The A20210 allele in the prothrombin gene enhances the risk of venous thrombosis in carriers of inherited protein S deficiency

Sixteen families with inherited protein S deficiency and venous thromboembolism (VT) were screened for the presence of factor V (FV) Leiden mutation and for the G20210A allele in the prothrombin gene. While FV Leiden was not detected in any of the families, protein S deficiency and prothrombin mutation were present in five families. To assess the risk of VT in carriers of the combined defects, a total of 92 members of the 16 families, including propositi, were examined. Thirty subjects were normal 40 showed protein S deficiency, 10 the prothrombin mutation and 12 showed both abnormalities. When index cases were excluded, thrombosis history were present in 40.7% of protein S-deficient patients, 75% of patients with combined abnormality, one out of the 10 (10%) with prothrombin mutation and only one (3.3%) of the normal subjects.
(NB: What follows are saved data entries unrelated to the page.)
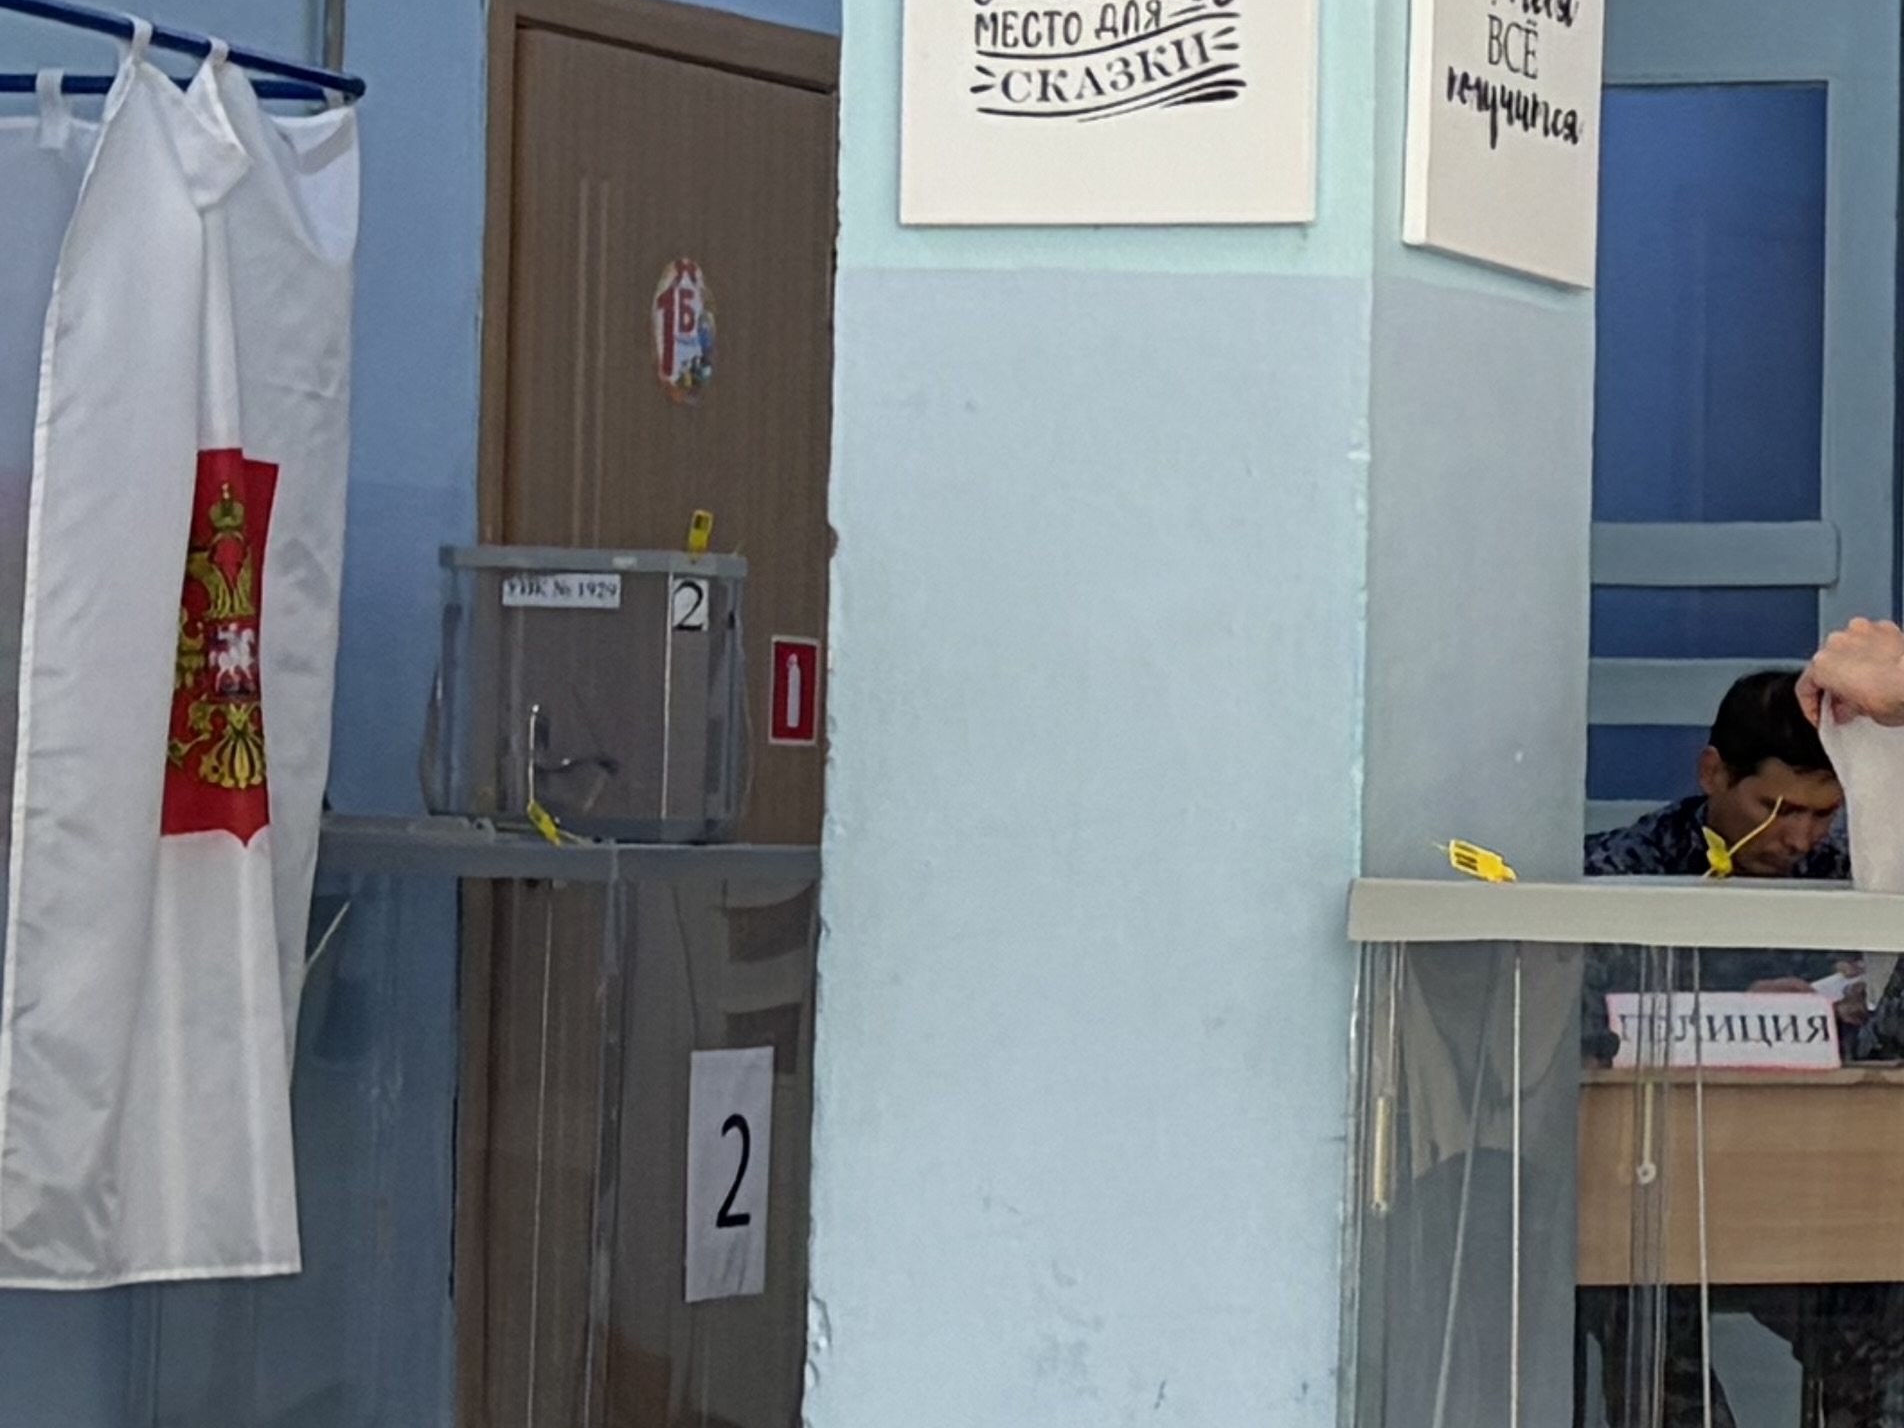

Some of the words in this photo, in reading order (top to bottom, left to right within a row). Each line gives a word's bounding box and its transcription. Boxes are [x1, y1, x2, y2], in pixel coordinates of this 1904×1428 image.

[974, 10, 1083, 48] МЕСТО
[1001, 31, 1212, 104] СКАЗКИ
[672, 580, 704, 631] 2
[716, 1113, 751, 1228] 2
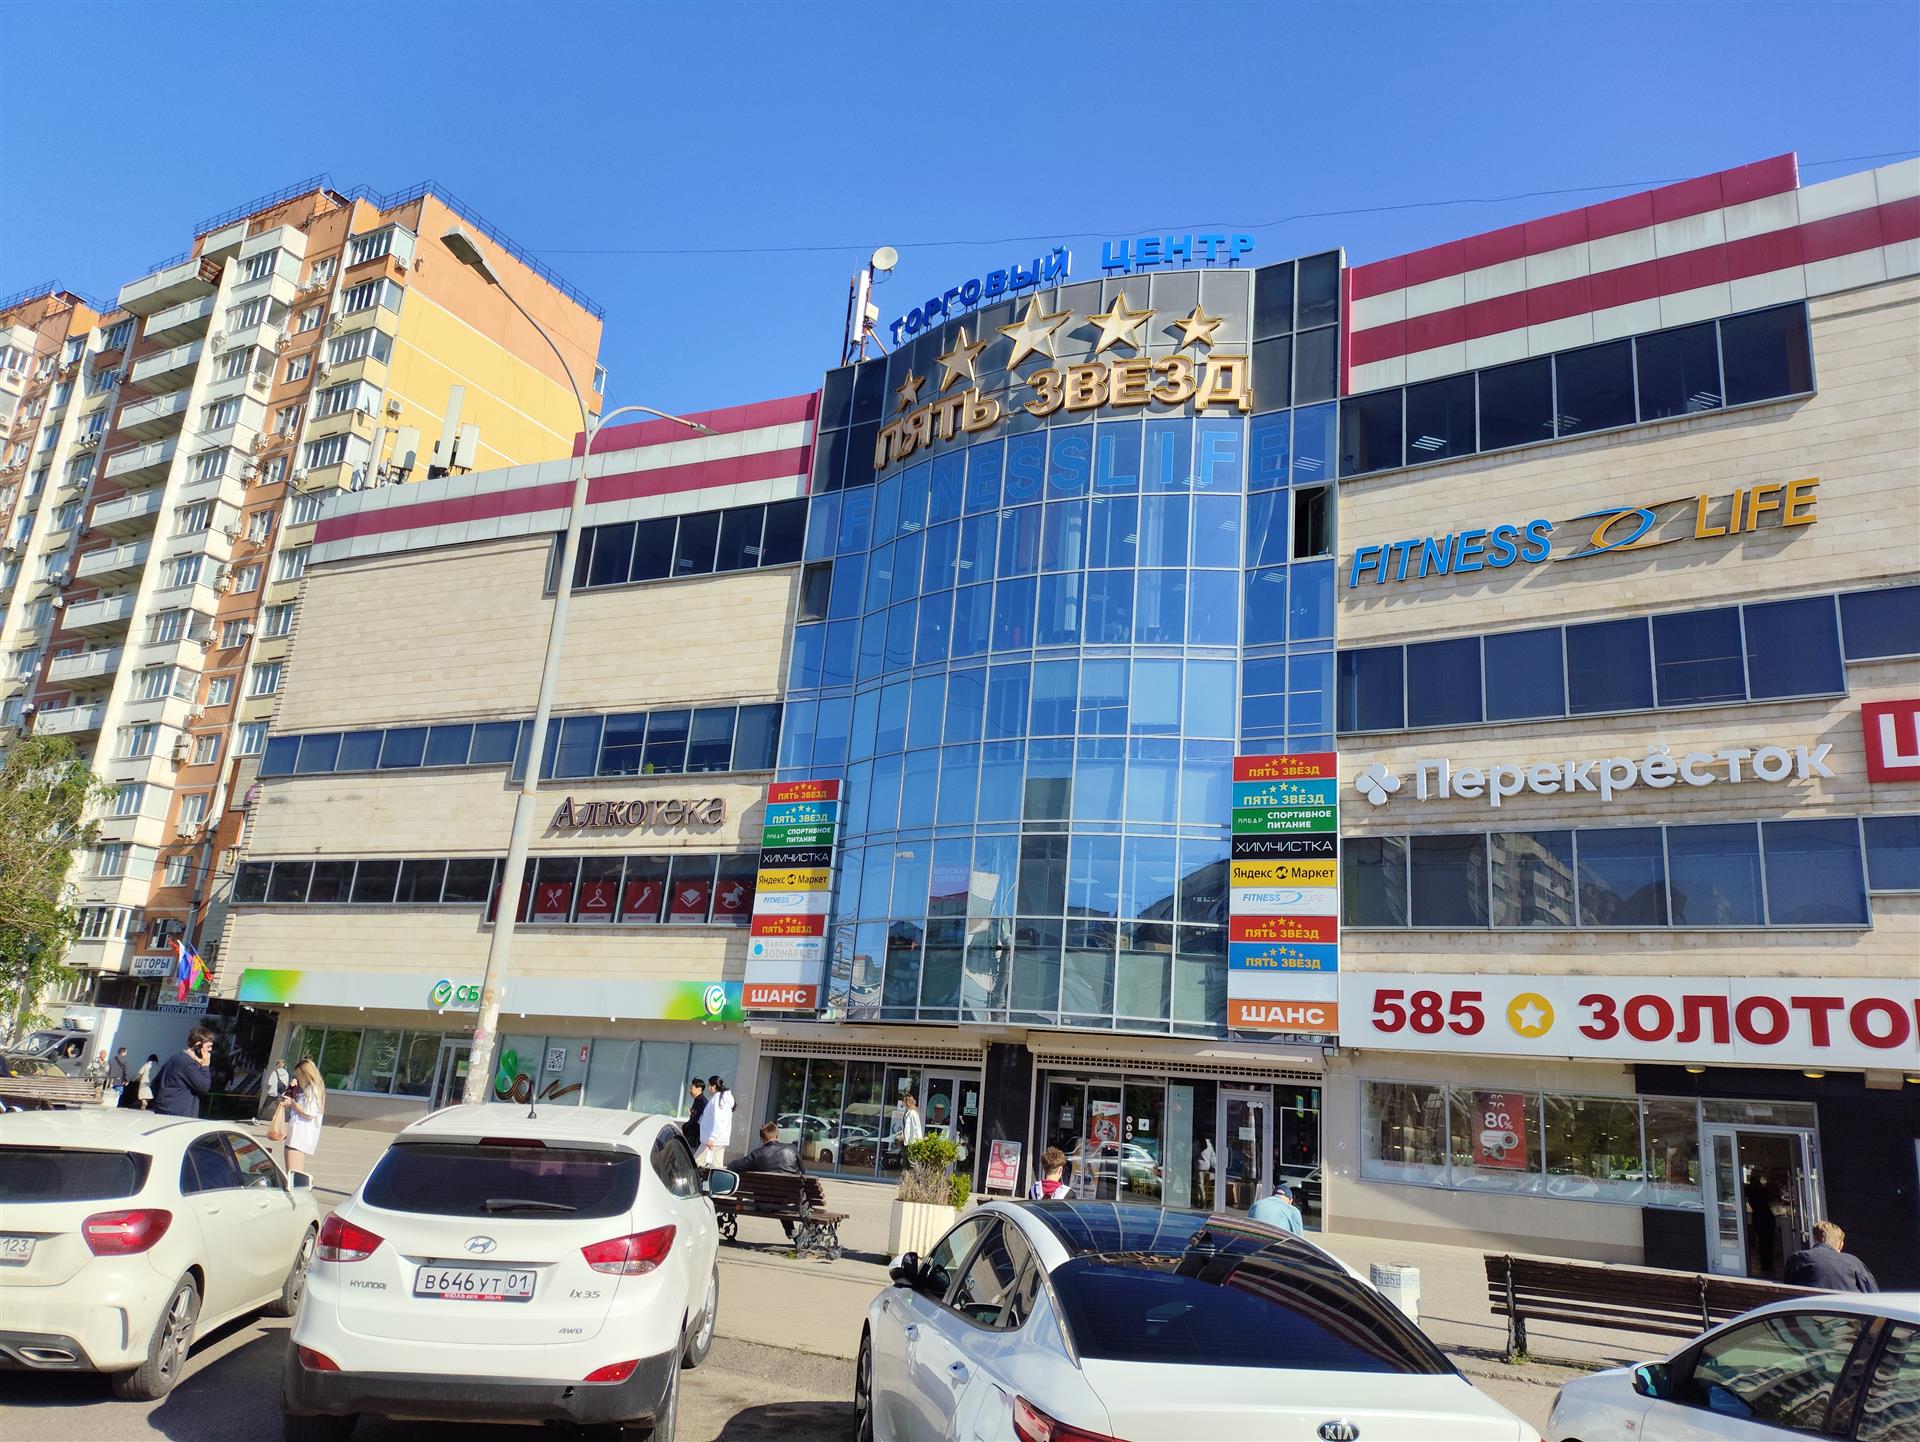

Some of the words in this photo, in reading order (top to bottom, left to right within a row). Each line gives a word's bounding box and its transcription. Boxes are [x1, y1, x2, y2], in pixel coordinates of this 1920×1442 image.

Relatives with combined defects showed the highest incidence rate of VT in comparison with normal relatives (rate ratio = 32.4), those with protein S deficiency an intermediate degree (rate ratio = 15.7), and G20210A relatives the lowest (rate ratio = 3.4). Relatives with combined defects had an increased risk of VT in comparison with relatives with protein S deficiency (incidence rate ratio 2.1; 95% confidence interval, 0.7-5.41; P = 0.1). In conclusion, the presence of the prothrombin mutation seems to increase the risk of VT carriers of protein S deficiency, although additional families are required to fully estimate the magnitude of risk. Blood Coagul Fibrinolysis 11:321-326 (C) 2000 Lippincott Williams & Wilkins.